Creates unnecessary federal bureaucracy that duplicates state-level oversight, imposes compliance costs on energy infrastructure without clear safety benefits, and federalizes an area properly under state jurisdiction under the Tenth Amendment.

delete PART 55—CHILD DEVELOPMENT SERVICES 33-CFR-55 · 1998
Summary

This regulation establishes a comprehensive administrative framework for Coast Guard-provided childcare services, including eligibility criteria, definitions, mandatory annual inspections, monthly training requirements (20 hours annually), income-based fee schedules, and restrictive rules on how collected fees can be spent. It creates a government-run childcare system that competes with private providers and family day cares, with extensive compliance requirements for certification, inspections, and employee training.

Reason

This regulation represents an improper federal encroachment into a service that belongs in the private sector. The government is operating a commercial enterprise—childcare—that creates unfair competition with private providers, distorts local childcare markets near military installations, and imposes compliance costs that would not exist in a free market. The mandatory training, inspection regimes, and restricted fee usage create bureaucratic overhead without improving outcomes. Coast Guard families would be better served by subsidies (like the existing fee-based system but administered more simply) or direct compensation that allows them to choose from the abundant private childcare market. This is not a core military function; it's a social welfare program that should be replaced with market-based solutions. The unseen cost is the suppression of private enterprise and the establishment of yet another permanent government program that cannot be easily reformed or sunsetted due to its bureaucratic inertia.

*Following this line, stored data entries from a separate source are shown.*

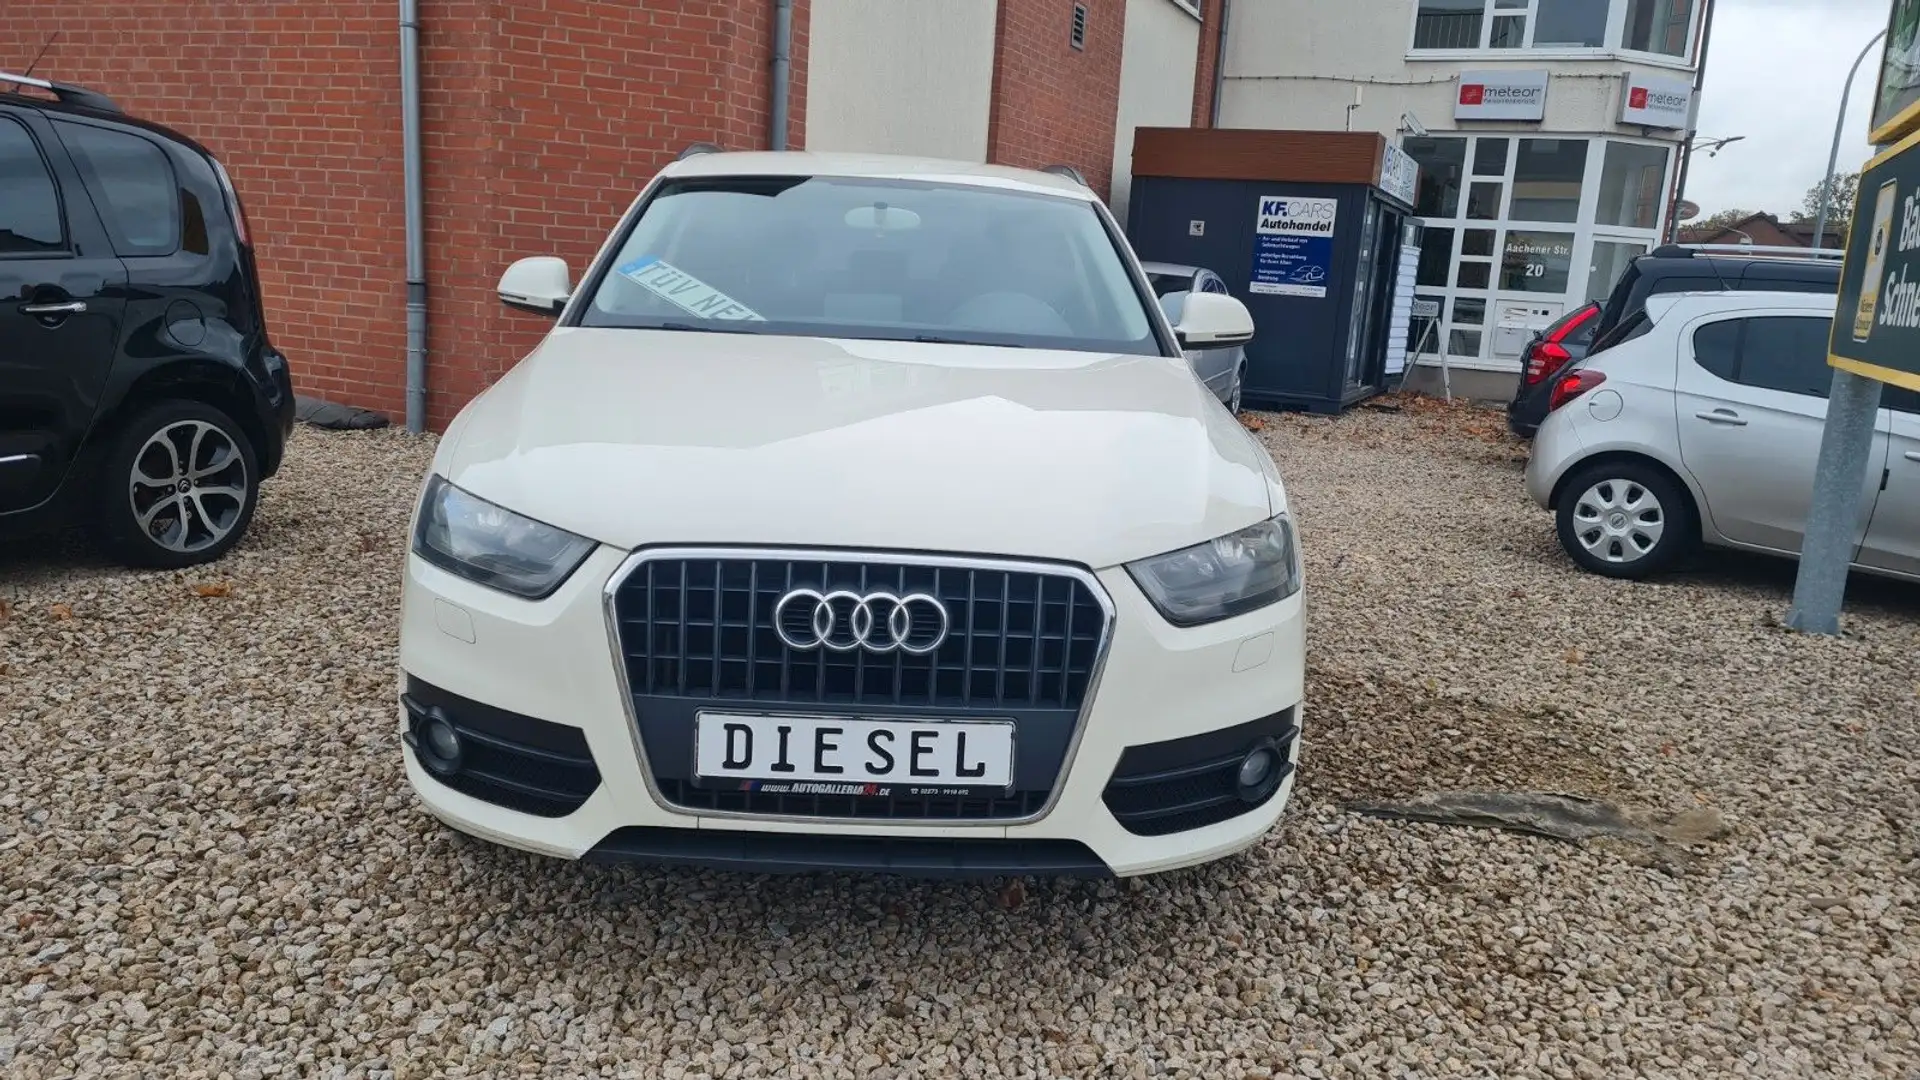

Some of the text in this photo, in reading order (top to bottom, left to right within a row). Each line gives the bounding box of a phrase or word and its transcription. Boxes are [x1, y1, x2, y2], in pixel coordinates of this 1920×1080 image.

[1484, 86, 1539, 97] meteor
[1647, 93, 1685, 106] meteor
[1260, 218, 1331, 231] Autohandel
[1898, 186, 1920, 252] Bä
[1506, 243, 1569, 256] Aachener Str.
[1526, 263, 1545, 277] 20
[637, 264, 700, 295] TÜV
[1879, 263, 1920, 328] Schne
[722, 722, 986, 778] DIESEL

delete PART 1903—CONDUCT ON AGENCY INSTALLATIONS 32-CFR-1903 · 1998
Summary

This regulation establishes comprehensive security and operational controls for CIA installations, including traffic safety, weapons prohibition, controlled substances, alcohol restrictions, parking rules, access control, and prohibitions on disorderly conduct, property damage, and commercial activities. It adopts state traffic laws, authorizes searches, and empowers CIA security personnel to enforce these rules with penalties under federal law.

Reason

This regulation creates a parallel legal system on federal property with expansive search powers, weapons bans, and restrictions on constitutional rights that exceed legitimate security needs. It duplicates state law enforcement, creates administrative burdens, and establishes a framework for potential abuse of power under the guise of 'national security' without clear limits on authority.